Hilfe bei Depressionen: Therapiemöglichkeiten

Depressionen lassen sich mittlerweile sehr gut therapieren. Dabei kommen verschiedene Verfahren zum Einsatz, die mit unterschiedlichen Ansätzen arbeiten und oft in einer Kombination eingesetzt werden. So werden gerade zu Beginn einer Therapie oft Medikamente eingesetzt, sogenannte Antidepressiva, die dem Klienten helfen sollen, sein depressives Tief zu überwinden, damit er überhaupt genügend Energien hat, in einer Psychotherapie die Depression grundlegend zu bearbeiten.

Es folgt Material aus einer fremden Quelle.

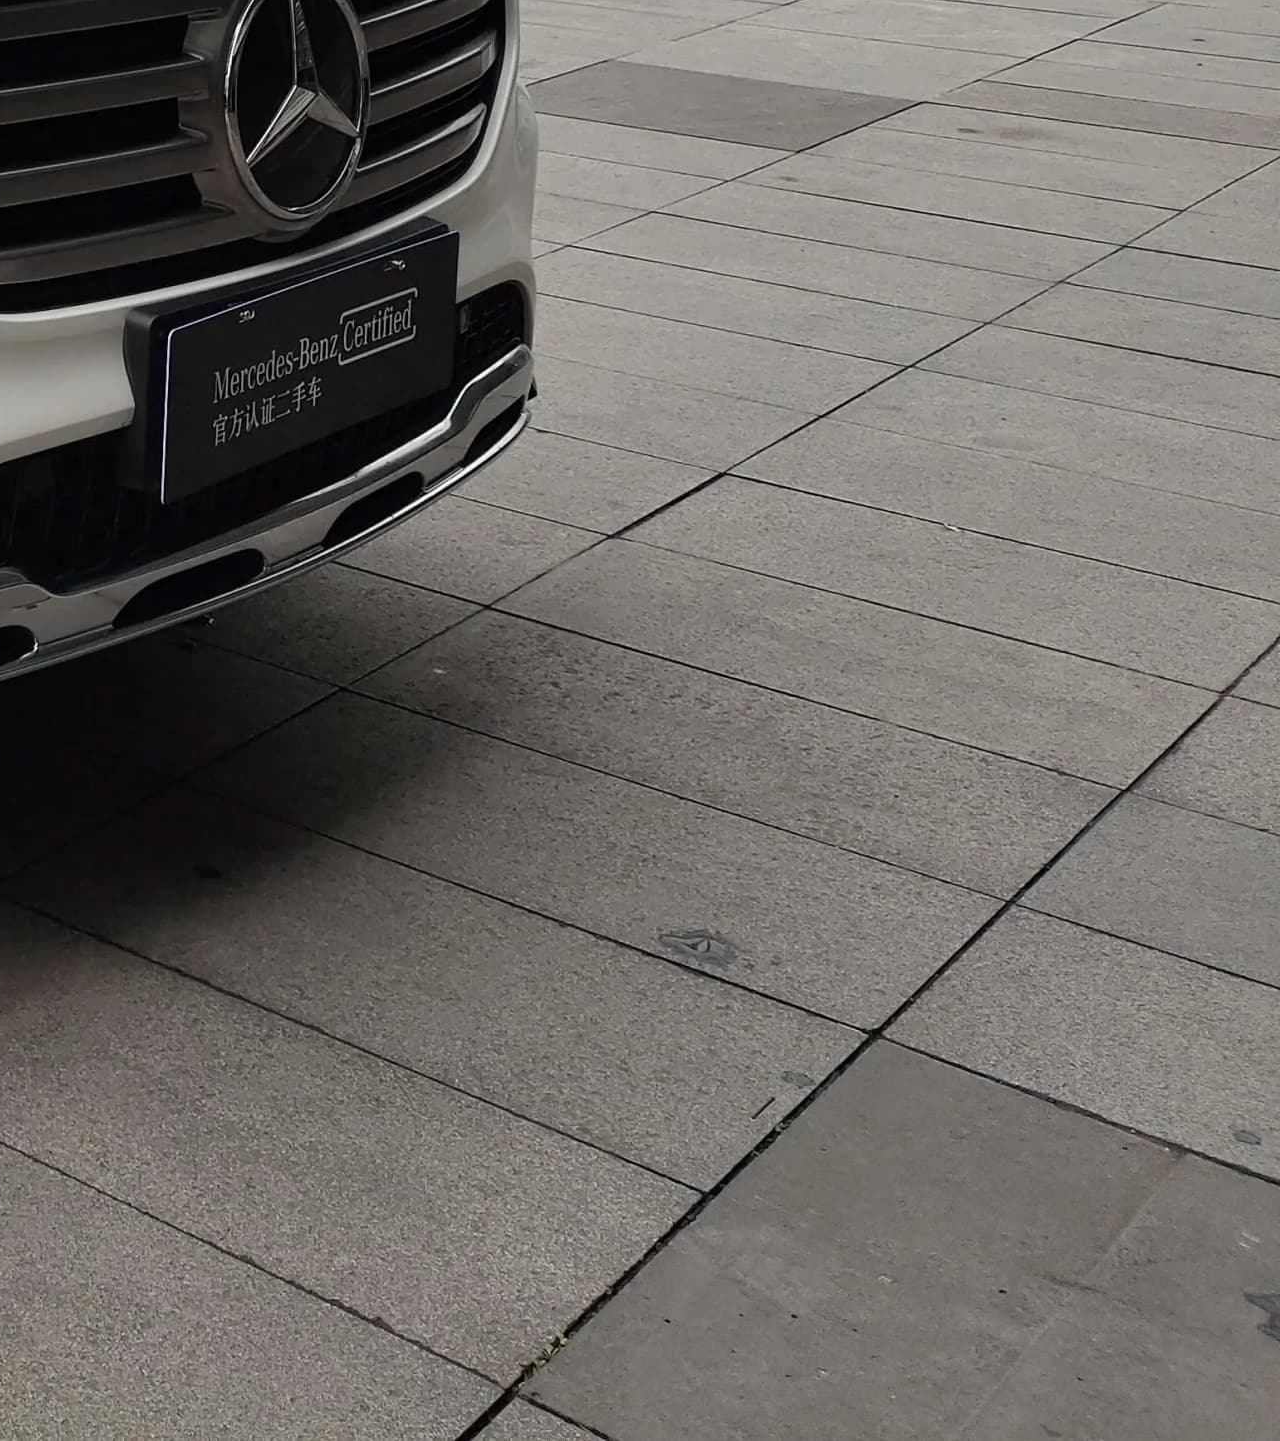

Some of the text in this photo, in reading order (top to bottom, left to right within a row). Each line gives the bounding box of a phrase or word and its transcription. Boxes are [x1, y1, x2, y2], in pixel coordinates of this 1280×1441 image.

[213, 300, 412, 404] Mercedes-Benz Certified
[213, 376, 322, 446] 官方认证二手车

Therapie: Medikamente, Magenttherapie, Psychotherapie

Sehr viele Formen der Therapie beschäftigen sich mit der Depression und arbeiten mit den Klienten auf verschiedenen Wegen daran, ihr Leiden dauerhaft zu heilen oder zumindest zu mildern.

  • Medikamente
    Die Pharmazie bietet verschiedene Arten von Medikamenten, die aber alle eine ähnliche Stoßrichtung haben: Sie sollen das gestörte Gleichgewicht im Bereich der Neurotransmitter wieder herstellen. Dabei nutzt man verschiedene Methoden, um den Serotoninspiegel zu regulieren. Denn ist dieser zu niedrig, fällt der Mensch in ein Stimmungstief und wird depressiv.
    Die Medikamente wirken allerdings nicht bei jedem Klienten gleich, so dass unter Umständen mehrere Arten an Präparaten ausprobiert werden müssen, bis man das für den Patienten ideale gefunden hat. Zudem haben sie unerwünschte Nebenwirkungen, die den dauerhaften Einsatz einschränken.
  • Stimulation des Gehirns durch elektrische oder magnetische Impulse
    Besonders bei Patienten, die gegen andere Therapiemöglichkeiten resistent sind, haben sich Verfahren bewährt, bei denen das Gehirn durch elektrische oder elektromagnetische Impulse angeregt wird. Zwar sind die zugrundeliegenden Mechanismen noch nicht vollständig entschlüsselt, aber die Therapien zeigen bei vielen Patienten eine positive Wirkung.
  • Psychotherapien
    Es gibt eine Fülle an therapeutischen Schulen und Richtungen, die sich mit der erfolgreichen Behandlung von Depressionen beschäftigen. Auch hier gibt es eine große Gemeinsamkeit: In den verschiedenen Psychotherapien geht es darum, die schädlichen und negativen Denkmuster aufzubrechen, die den Patienten in die Depression geführt haben. Diese müssen identifiziert, aufgebrochen und durch konstruktive Denkmuster ersetzt werden.
  • Stationäre Behandlung
    In besonders schweren Fällen sowie bei einer akuten Suizidgefährdung kann es auch sinnvoll sein, eine stationäre Behandlung in Betracht zu ziehen. Die Patienten erleben dabei einen stabilen Tagesablauf, werden mit einer Kombination verschiedener therapeutischer und medizinischer Maßnahmen behandelt und können so jenseits vom belastenden Alltagsstress zu einer stabileren Verfassung zurück finden.